Legionnaire commences 3,500-mile rowing journey

Robert Owens has followed doctors’ advice for a long time. 

“I was an adopted kid and was never able to find any family lineage for me,” said Owens, who was a para rescuer when he served in the Air Force. “I have no medical history. Doctors told me a long time ago that the best health insurance I could have is to be healthy.”

After his service, he continued his athletics including Ironman triathlons. Even though Owens had to scale back to half marathons and other shorter distances as he helped raise five children, he worked out as a way to relieve stress. When he turned 50, he accepted a challenge from his son to do an Ironman, 20 years after his most recent one.

“I like the training, I like what you do,” said Owens, a member of American Legion Post 291 in Newport, Calif., who has completed 12 total Ironmans. “It keeps me healthy. I rarely have any sickness.” 

Additionally, Owens has run seven marathons in seven days on seven continents, and completed the 50-hour Kokoro Navy SEAL hell week simulation when he was 69.

Joe de Sena, who created Spartan Games, labeled Owens as the “most fittest, mentally toughest 66-year-old in the world” four years ago. “I don’t believe that’s true, but it was nice for de Sena to have said that.” 

Owens, 71, sets out Dec. 4 on an epic challenge even for him. He will be the only American and oldest participant, by about 20 years, on a seven-man, five-woman team attempting to row a 24-foot boat across the Atlantic from the Canary Islands to Antigua in the Caribbean. Teams of six will alternate rowing shifts of about three hours.

“It will be a mental grind, three hours on, three hours off,” he said. “I teach a lot about mental toughness so this is a way that I can demonstrate to my students and clients how to work your mind and stay in the game for something that needs resilience.”

The 3,500-mile journey is expected to take from 40 to 50 days.

Mark Divine, a retired Navy SEAL commander, knows Owens well. Divine hired Owens to train much younger SEAL hopefuls at his Crossfit-like training facility, called SEALFIT, in Encinitas, Calif. Owens is the only non-SEAL to be a trainer. 
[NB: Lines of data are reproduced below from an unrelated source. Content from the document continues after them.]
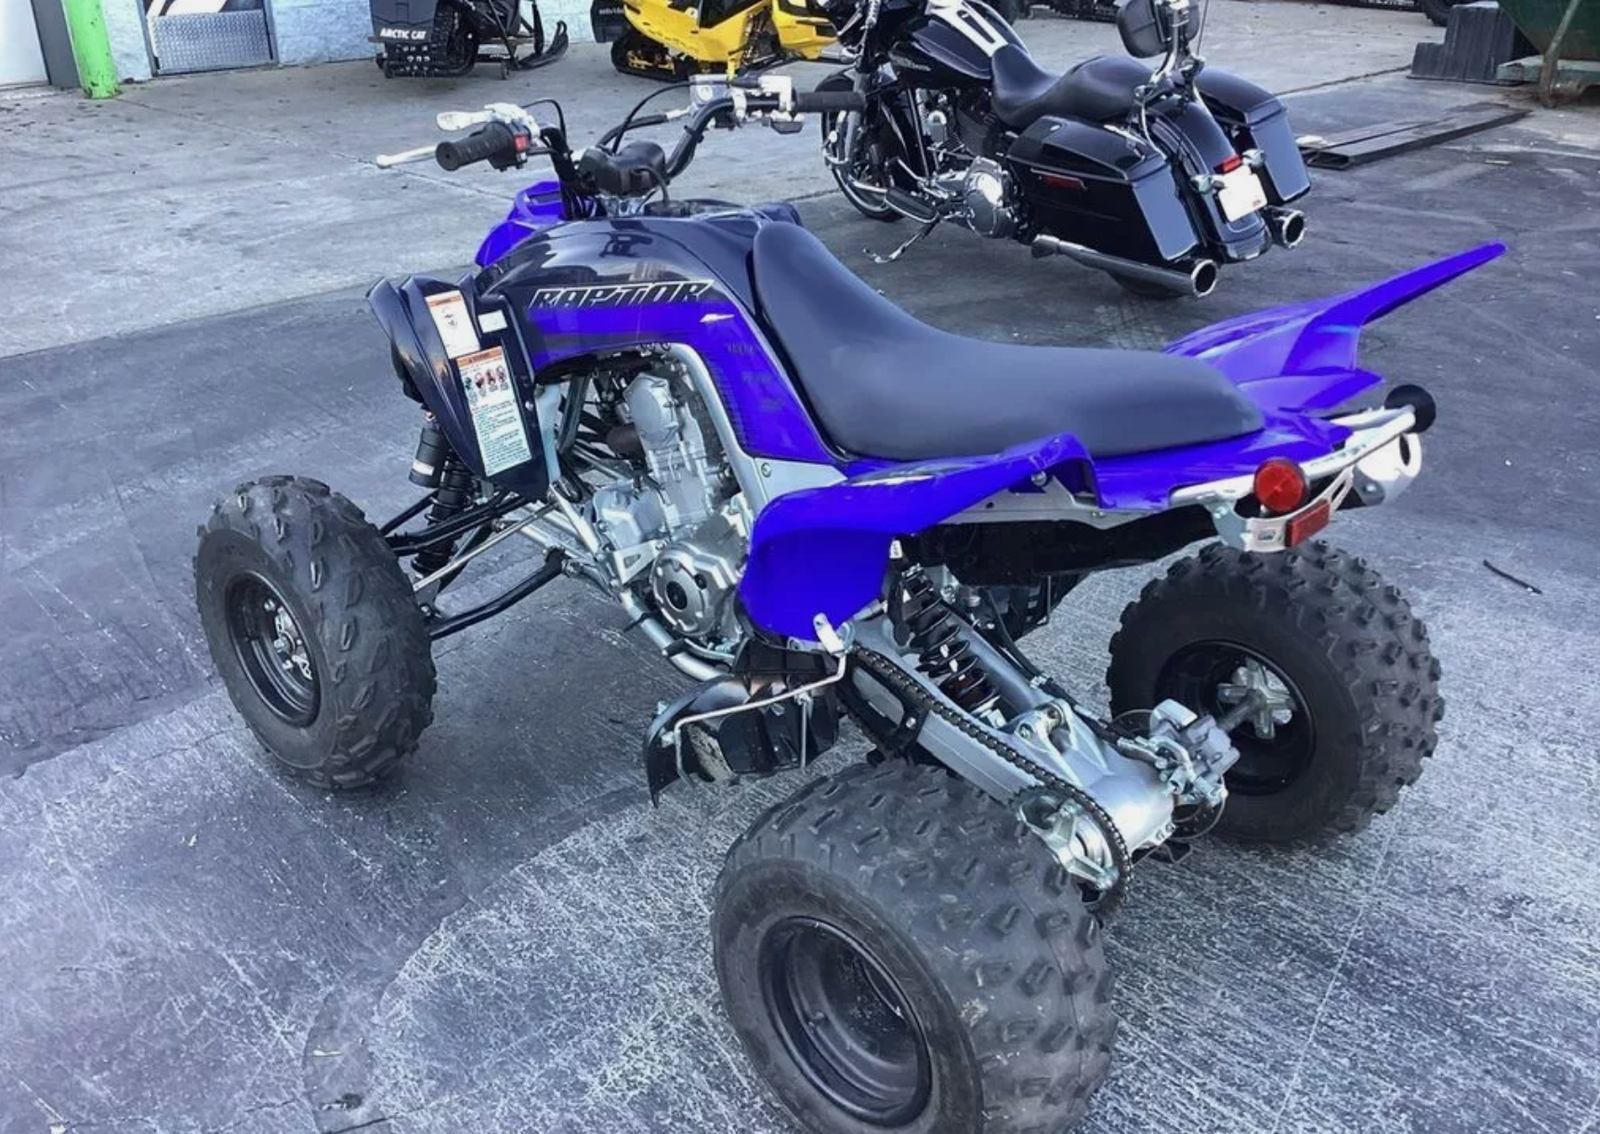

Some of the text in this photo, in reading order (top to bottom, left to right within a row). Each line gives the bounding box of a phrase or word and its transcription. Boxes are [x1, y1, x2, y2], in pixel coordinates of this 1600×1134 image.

[380, 27, 427, 39] ARCTIC CAT
[528, 279, 714, 310] RAPTOR
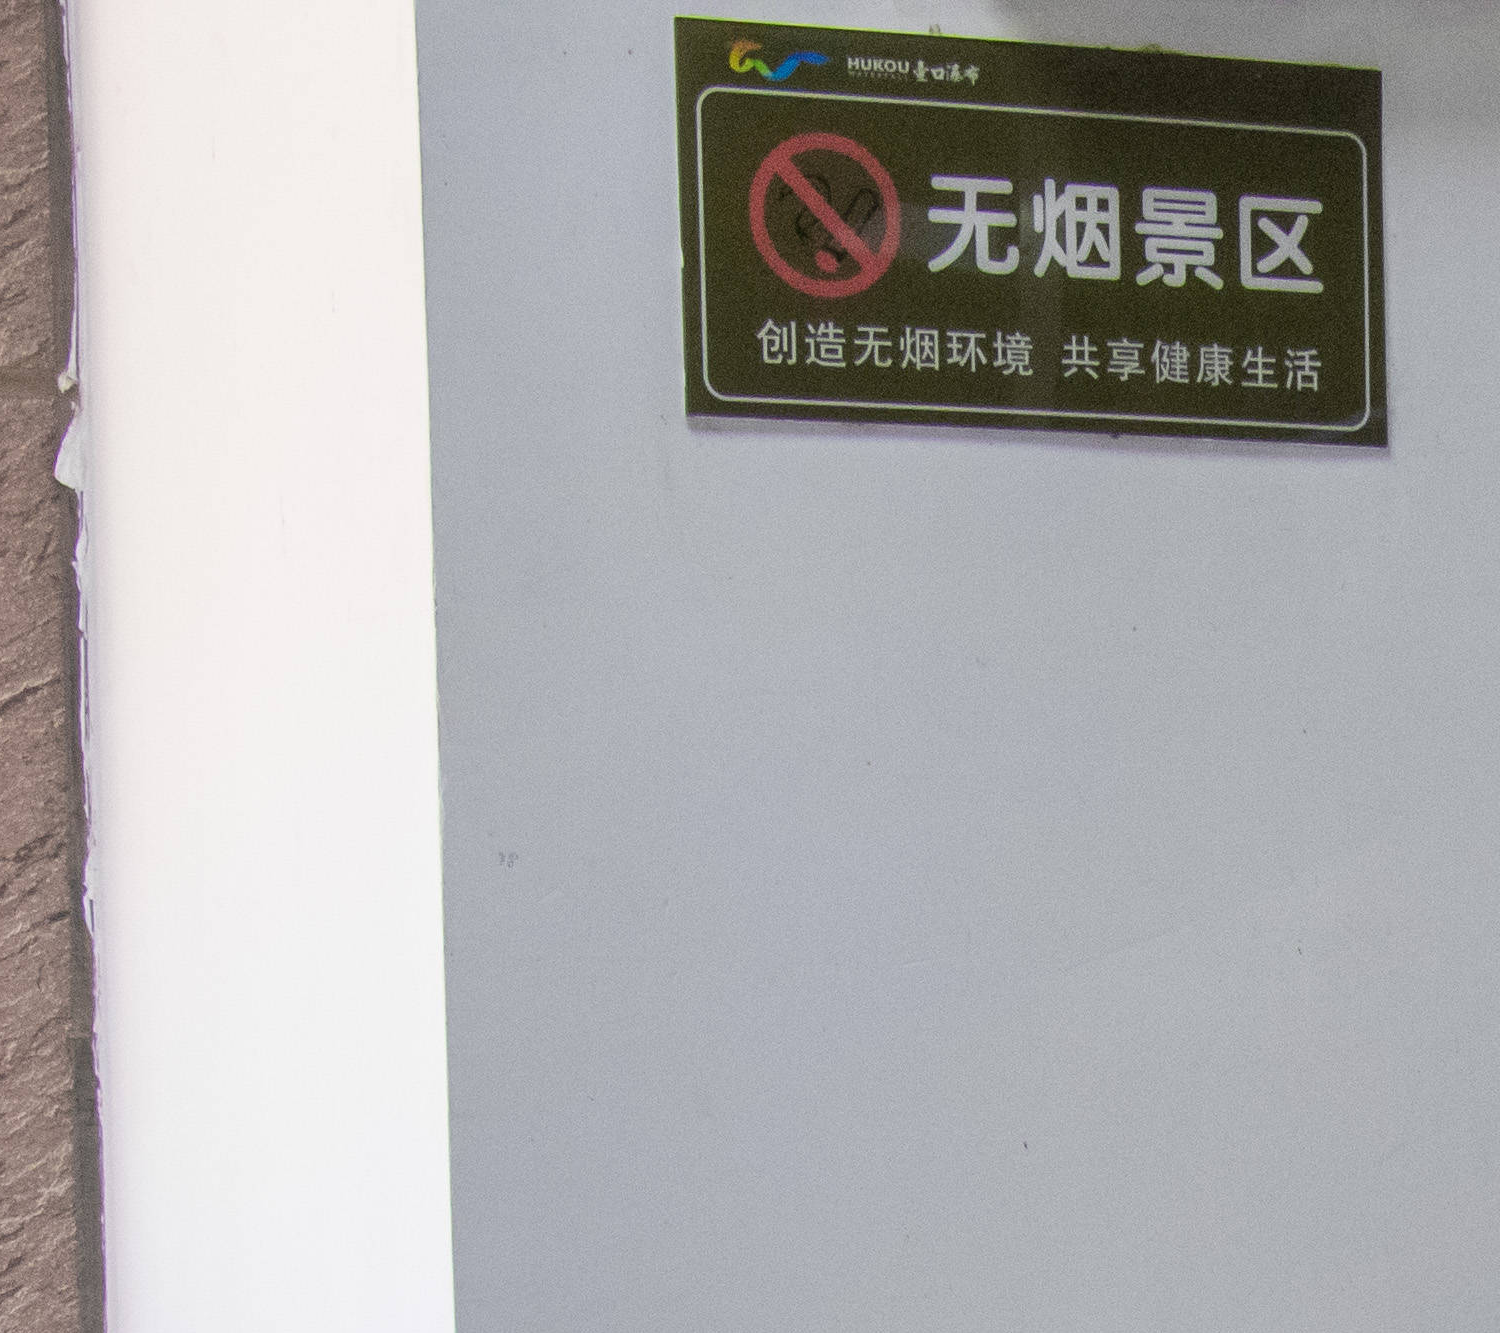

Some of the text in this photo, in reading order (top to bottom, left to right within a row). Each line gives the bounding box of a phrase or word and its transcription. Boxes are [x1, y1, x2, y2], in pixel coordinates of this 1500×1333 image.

[847, 56, 910, 73] HUKOU
[926, 173, 1324, 294] 无烟景区
[755, 318, 1323, 392] 创造无烟环境 共享健康生活
“As Robert says, it’s hard to discover your true internal nature, your ‘why,’” said Divine, who has known Owens for about six years. “If you are out of shape, physically broken, that is a major distraction and it occupies all of your time, either feeding it through your addictions to distract yourself from it or being too lazy to do anything about it. Then you live that quiet life of desperation. I think a lot of vets are living a life of loud desperation. We want them to get back healthy. A healthy body means a healthy brain. With a healthy brain, we get to curate those healthy thoughts. We feed the courage wolf by starving the fear wolf.”

Owens has tapped his effort as the “Mark Crampton Memorial Row,” and is intending to raise awareness of, and funding for, the prevention of veteran suicide. Crampton, who died by suicide in April 2022, was Divine’s platoon chief in 1993.

“(Crampton) was an extraordinary individual,” Divine recalled. “He had a profound influence on my life. Mark later went on to be in charge of all instructors at BUDs. When he came back, he was part of my cadre at SEALFIT. Mark Crampton was extraordinarily fit, always in service to others, always had a smile, had a wry sense of humor, showed no signs of anything wrong internally. It shocked the entire SEAL community.”

The effort coincides with The American Legion’s Be the One initiative that aims to reduce the stigma of mental health, and in turn, diminish the number.

“This is how it ties into The American Legion Be the One,” Divine explained. “Positive thinking is best done when you are presenting it to others as a gift. Veterans can’t do this if they are physically broken. So first thing is that we get them healthy and connect in a team. Everybody needs a team. Within the team, everyone gives positive support to their teammates and they learn to pay it forward to their teammates, their families and to their friends.”

Not only is Owens supporting efforts to reduce veteran suicide, he is also hoping his efforts engage fellow Legionnaires.

“When I go into most posts, most Legionnaires are overweight,” he observed. “And they are not health-conscious. When I go around the country, one of the topics I speak on is to choose how we age. If you want to stay unhealthy, knock yourself out. If you want to get on the floor with your grandkids, if you want to stay out of the hospital, without a heart attack, work out at least an hour a day.”

It doesn’t take much, he says, noting that an hour of daily activity has an impact. It could be as simple as walking for 60 minutes every day and making better food choices.

Owens says he has gone to dozens of funerals of fellow veterans who chose poor health habits over healthy ones.

“It’s a motivation for me to not be like that and to talk with people about living longer and having a quality of life,” he said. “They need to get some discipline in their lives to do the uncomfortable things so they can pay now and play later. Instead of play now and pay too soon.”